_Work order_
The records that follow are to be given again exactly. Do not carry over any image.

_Supplied material_
*****

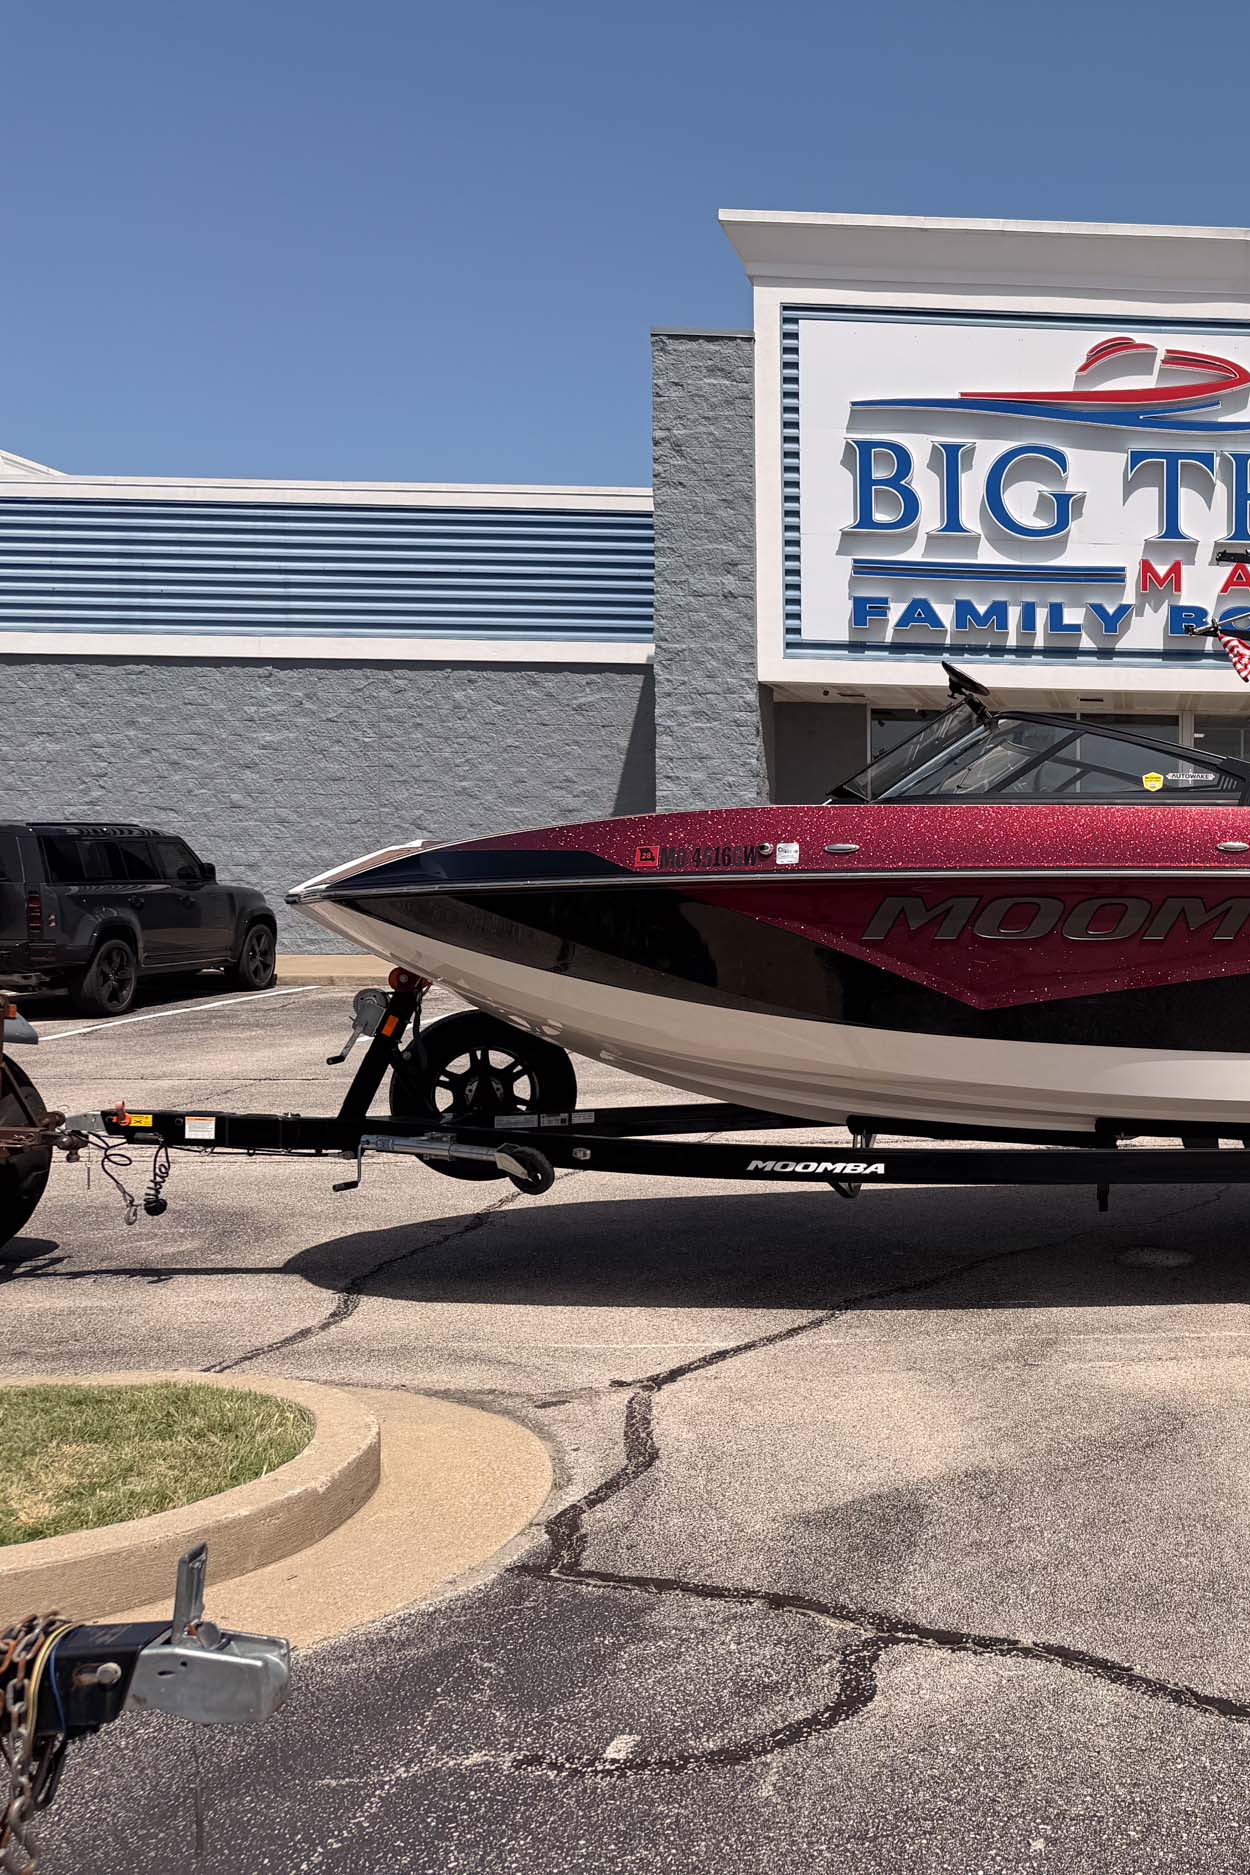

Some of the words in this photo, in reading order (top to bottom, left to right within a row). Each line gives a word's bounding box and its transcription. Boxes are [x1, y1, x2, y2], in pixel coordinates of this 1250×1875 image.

[841, 438, 1087, 541] BIG
[852, 595, 1134, 635] FAMILY
[1171, 772, 1211, 780] AUTOWAKE
[746, 1160, 886, 1175] MOOMBA
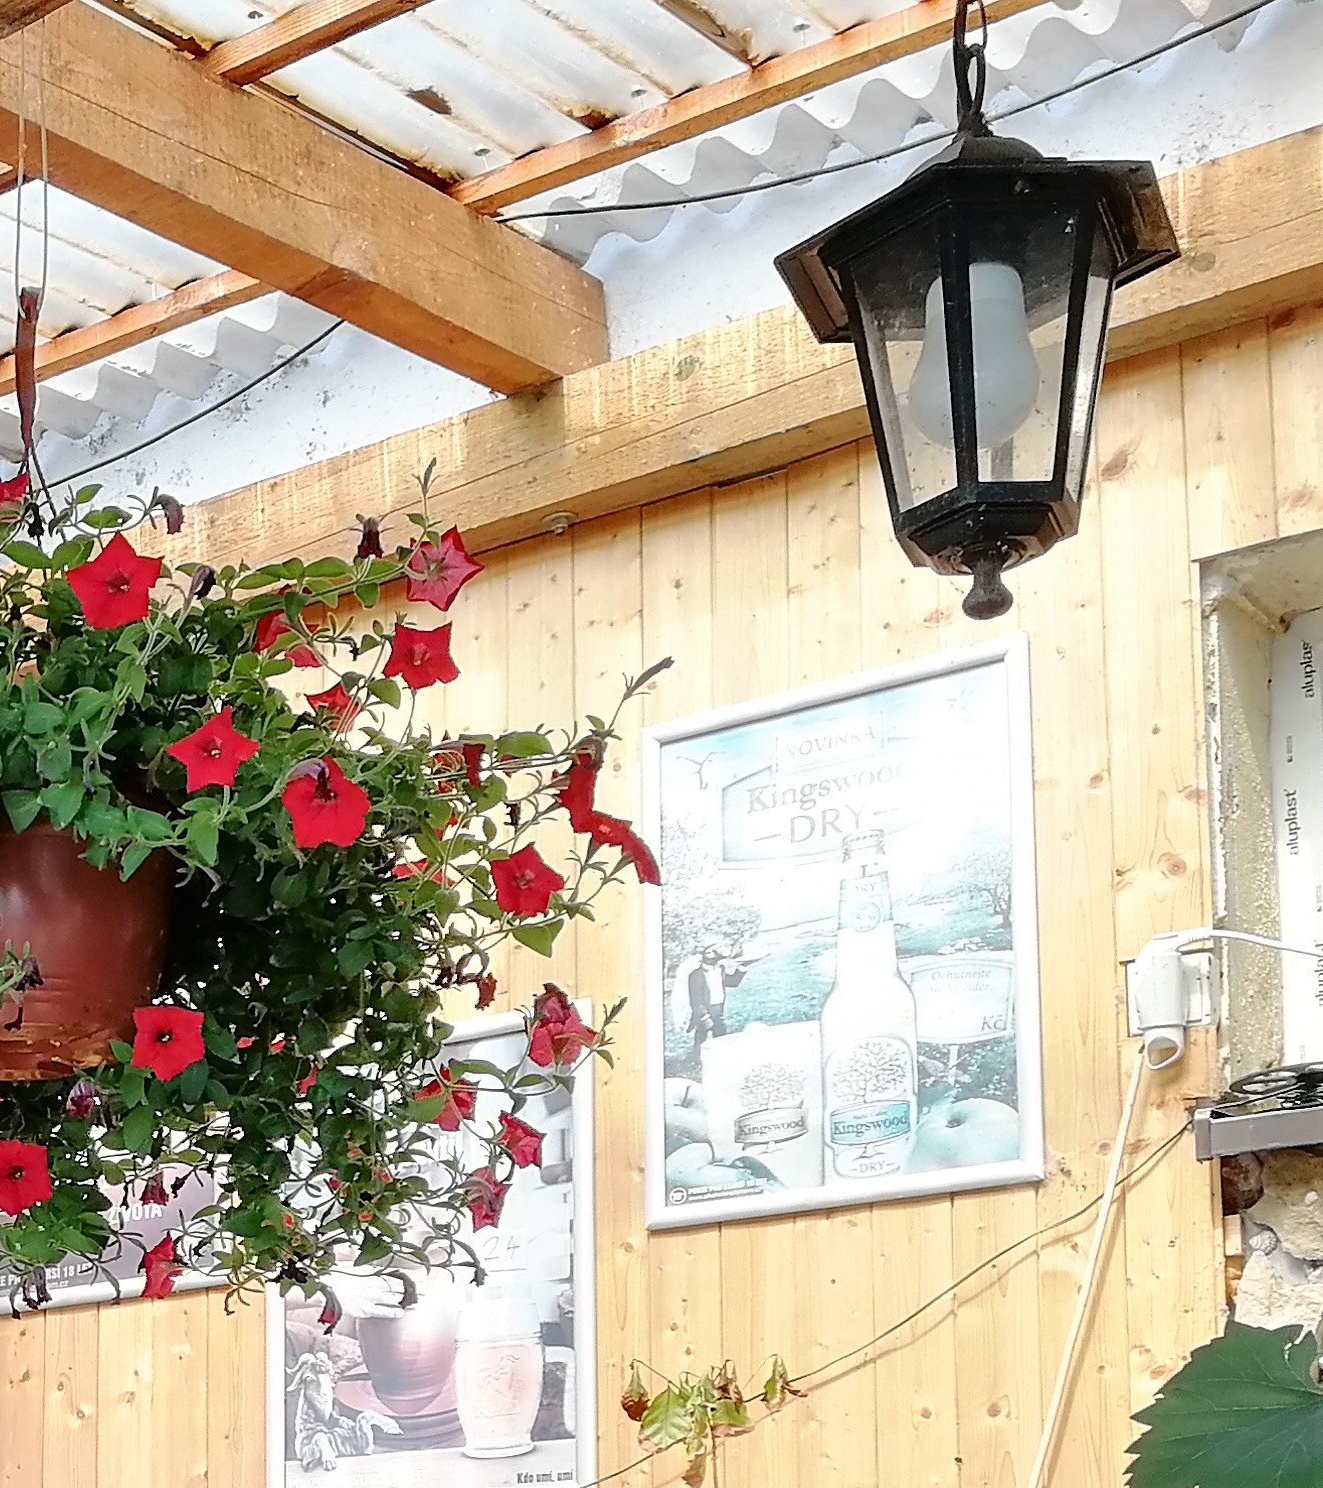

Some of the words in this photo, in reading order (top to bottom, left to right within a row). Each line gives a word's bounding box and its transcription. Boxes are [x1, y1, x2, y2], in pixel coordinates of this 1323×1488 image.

[790, 803, 868, 843] DRY
[739, 1116, 805, 1136] Kingswood
[833, 1115, 908, 1137] Kingswood
[859, 1160, 885, 1174] DRY
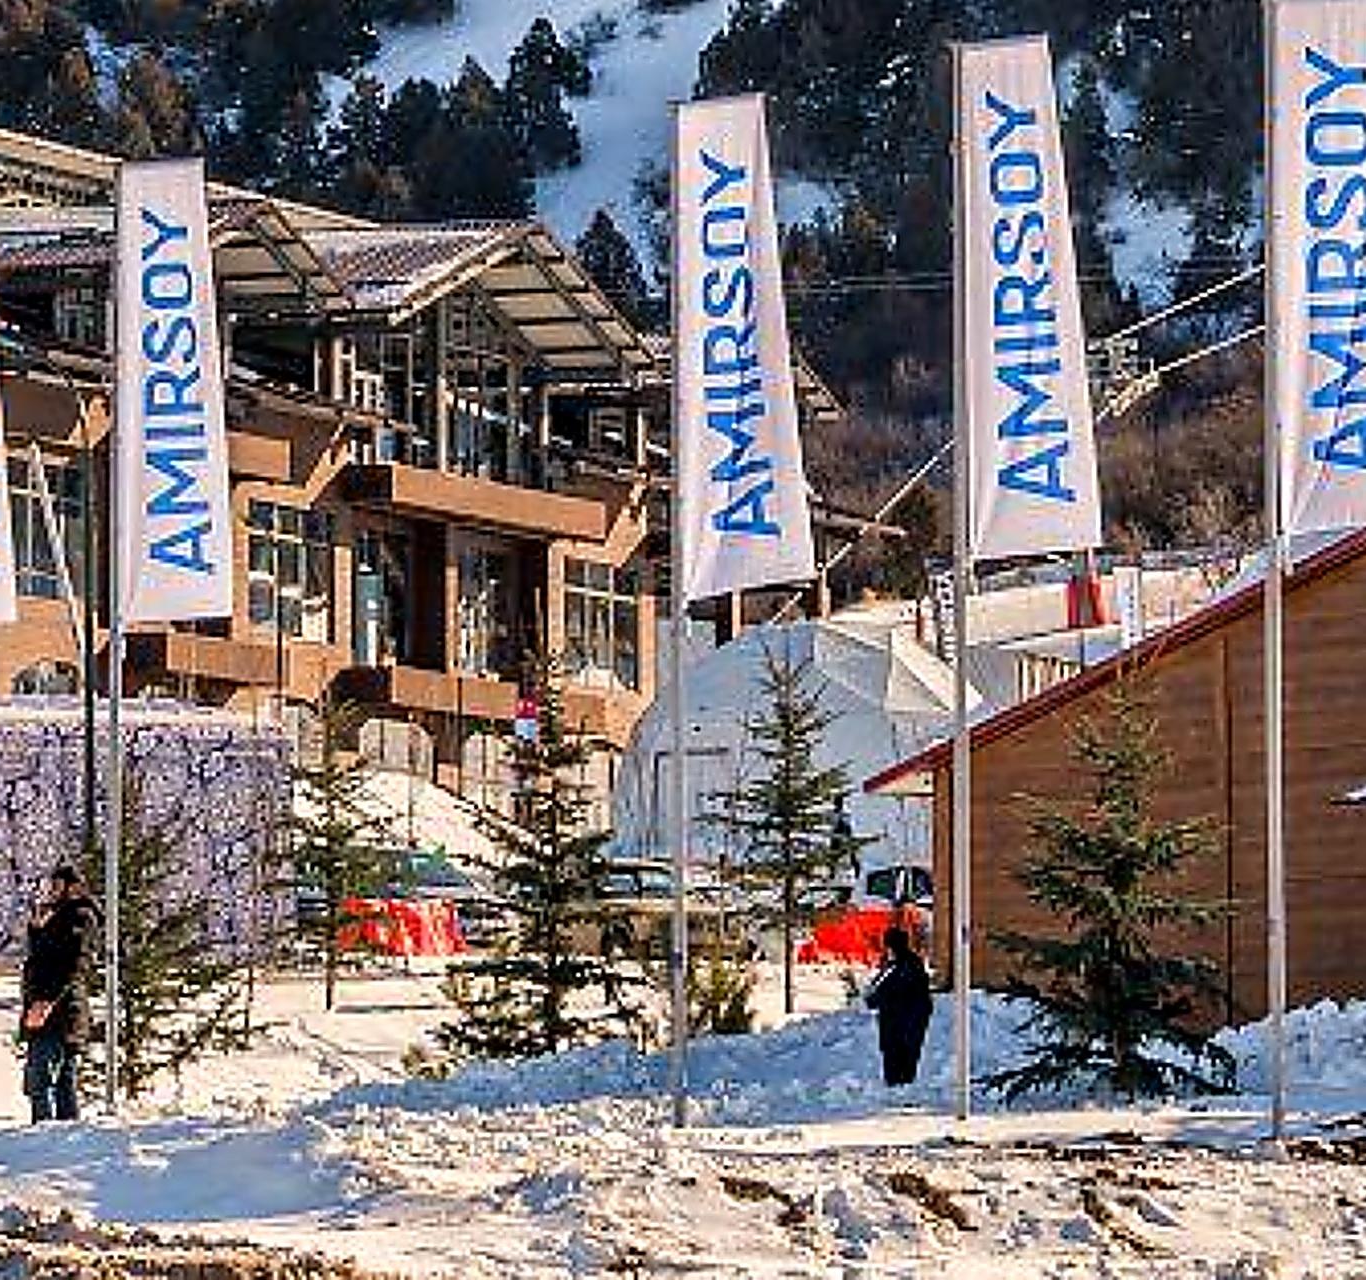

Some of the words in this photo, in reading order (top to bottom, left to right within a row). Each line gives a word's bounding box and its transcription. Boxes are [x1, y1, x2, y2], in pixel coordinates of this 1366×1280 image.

[141, 208, 214, 575] AMIRSOY
[700, 149, 782, 538] AMIRSOY
[984, 91, 1076, 504] AMIRSOY

*****

_Answer to this task_
Some of the words in this photo, in reading order (top to bottom, left to right within a row). Each line gives a word's bounding box and its transcription. Boxes are [x1, y1, x2, y2], in pixel coordinates of this 1250×1875 image.

[841, 438, 1087, 541] BIG
[852, 595, 1134, 635] FAMILY
[1171, 772, 1211, 780] AUTOWAKE
[746, 1160, 886, 1175] MOOMBA

Some of the words in this photo, in reading order (top to bottom, left to right within a row). Each line gives a word's bounding box and its transcription. Boxes are [x1, y1, x2, y2], in pixel coordinates of this 1323×1488 image.

[790, 803, 868, 843] DRY
[739, 1116, 805, 1136] Kingswood
[833, 1115, 908, 1137] Kingswood
[859, 1160, 885, 1174] DRY

Some of the words in this photo, in reading order (top to bottom, left to right within a row). Each line gives a word's bounding box and its transcription. Boxes are [x1, y1, x2, y2], in pixel coordinates of this 1366×1280 image.

[141, 208, 214, 575] AMIRSOY
[700, 149, 782, 538] AMIRSOY
[984, 91, 1076, 504] AMIRSOY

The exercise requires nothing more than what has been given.